Family festivals having been rare enough at our house, since my poor
mistress’s death, I own--on this occasion of the wedding--to having
(towards the latter part of the day) taken a drop too much on the
strength of it.

If you have ever done the same sort of thing yourself you will
understand and feel for me. If you have not, you will very likely say,
“Disgusting old man! why does he tell us this?” The reason why is now to
come.

Having, then, taken my drop (bless you! you have got your favourite
vice, too; only your vice isn’t mine, and mine isn’t yours), I next
applied the one infallible remedy--that remedy being, as you know,
ROBINSON CRUSOE. Where I opened that unrivalled book, I can’t say. Where
the lines of print at last left off running into each other, I know,
however, perfectly well. It was at page three hundred and eighteen--a
domestic bit concerning Robinson Crusoe’s marriage, as follows:

“With those Thoughts, I considered my new Engagement, that I had a Wife
“--(Observe! so had Mr. Franklin!)--“one Child born”--(Observe again!
that might yet be Mr. Franklin’s case, too!)--“and my Wife then”--What
Robinson Crusoe’s wife did, or did not do, “then,” I felt no desire to
discover. I scored the bit about the Child with my pencil, and put a
morsel of paper for a mark to keep the place; “Lie you there,” I said,
“till the marriage of Mr. Franklin and Miss Rachel is some months
older--and then we’ll see!”

The months passed (more than I had bargained for), and no occasion
presented itself for disturbing that mark in the book. It was not till
this present month of November, eighteen hundred and fifty, that Mr.
Franklin came into my room, in high good spirits, and said, “Betteredge!
I have got some news for you! Something is going to happen in the house,
before we are many months older.”

“Does it concern the family, sir?” I asked.

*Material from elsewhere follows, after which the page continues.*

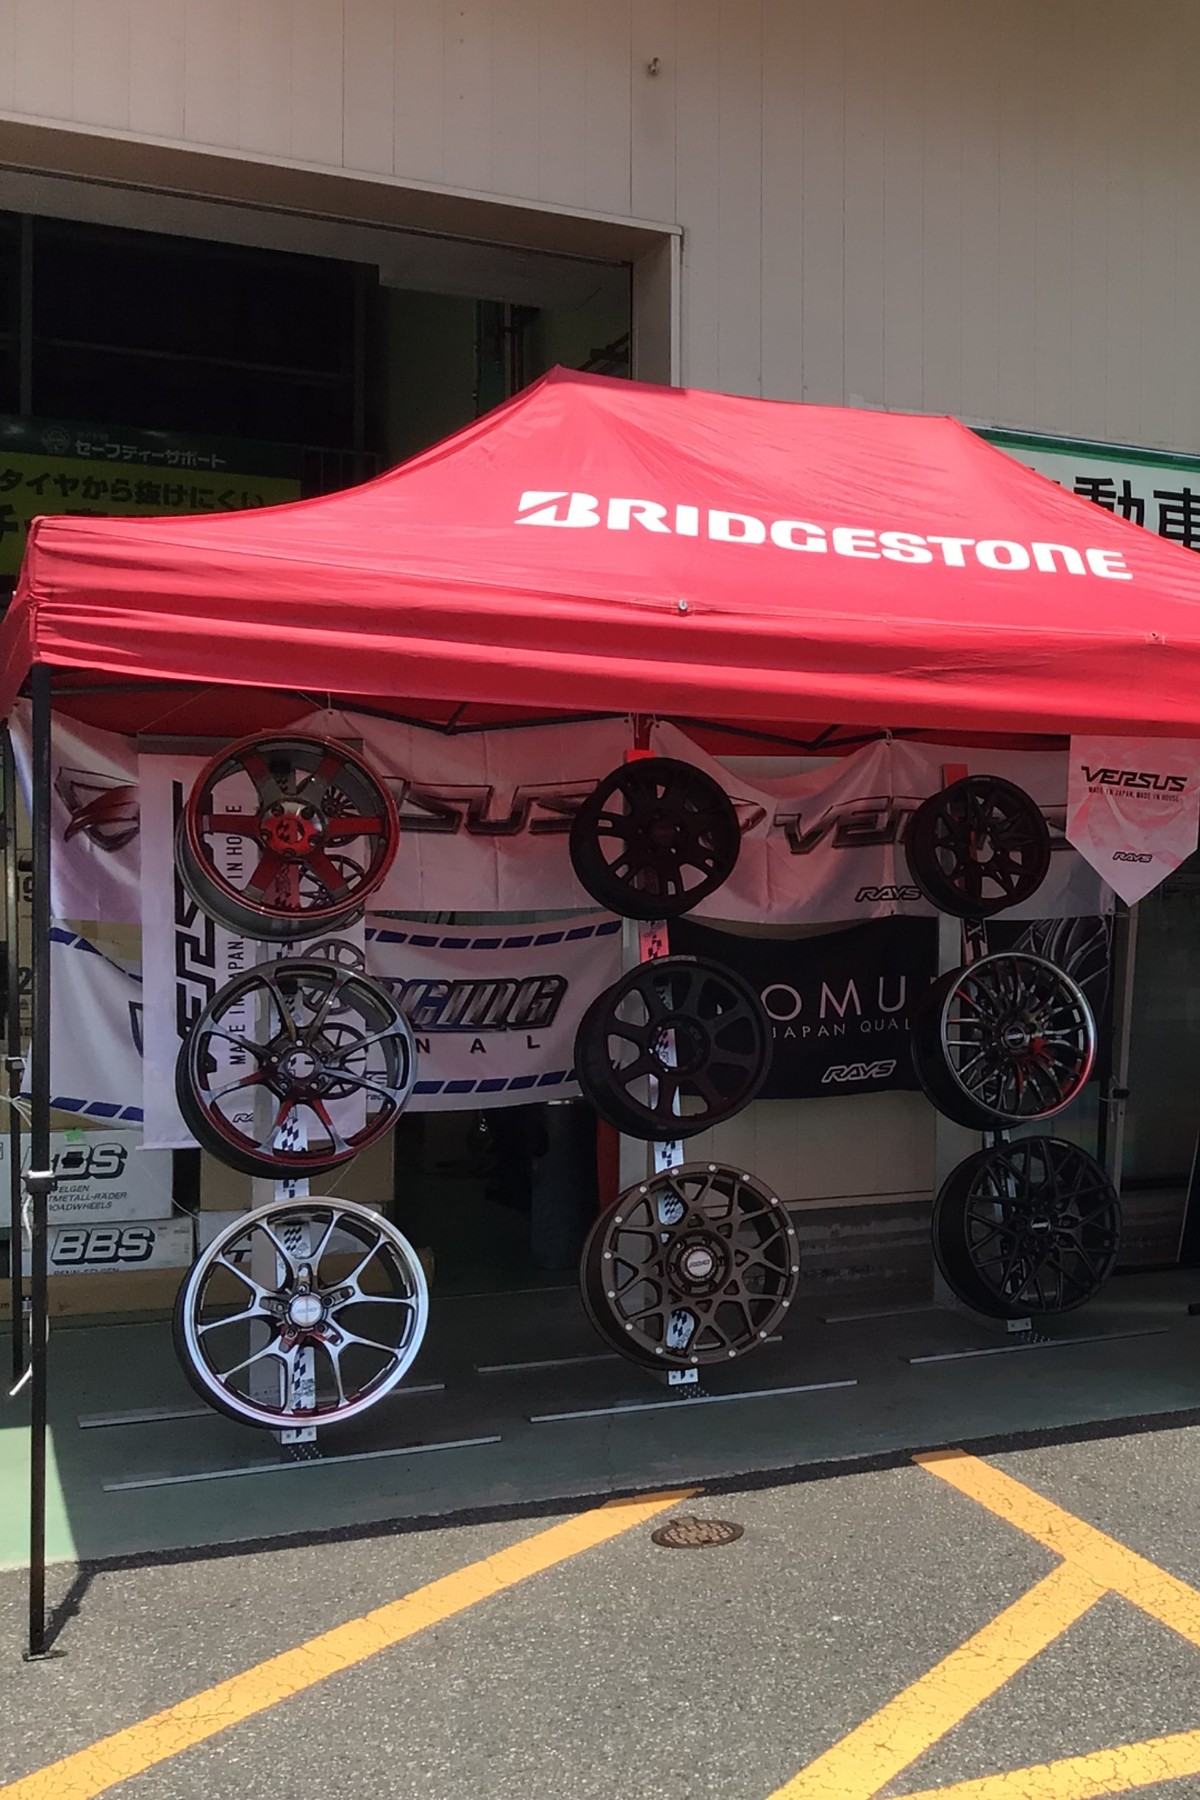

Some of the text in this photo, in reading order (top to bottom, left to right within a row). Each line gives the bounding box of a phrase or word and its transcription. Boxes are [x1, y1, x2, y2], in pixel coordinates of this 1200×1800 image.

“It decidedly concerns the family,” says Mr. Franklin.

“Has your good lady anything to do with it, if you please, sir?”

“She has a great deal to do with it,” says Mr. Franklin, beginning to
look a little surprised.

“You needn’t say a word more, sir,” I answered. “God bless you both! I’m
heartily glad to hear it.”

Mr. Franklin stared like a person thunderstruck. “May I venture to
inquire where you got your information?” he asked. “I only got mine
(imparted in the strictest secrecy) five minutes since.”

Here was an opportunity of producing ROBINSON CRUSOE! Here was a chance
of reading that domestic bit about the child which I had marked on the
day of Mr. Franklin’s marriage! I read those miraculous words with an
emphasis which did them justice, and then I looked him severely in the
face. “NOW, sir, do you believe in ROBINSON CRUSOE?” I asked, with a
solemnity, suitable to the occasion.

“Betteredge!” says Mr. Franklin, with equal solemnity, “I’m convinced at
last.” He shook hands with me--and I felt that I had converted him.

With the relation of this extraordinary circumstance, my reappearance
in these pages comes to an end. Let nobody laugh at the unique anecdote
here related. You are welcome to be as merry as you please over
everything else I have written. But when I write of ROBINSON CRUSOE, by
the Lord it’s serious--and I request you to take it accordingly!

When this is said, all is said. Ladies and gentlemen, I make my bow, and
shut up the story.



EPILOGUE

THE FINDING OF THE DIAMOND



I

The Statement of SERGEANT CUFF’S MAN (1849)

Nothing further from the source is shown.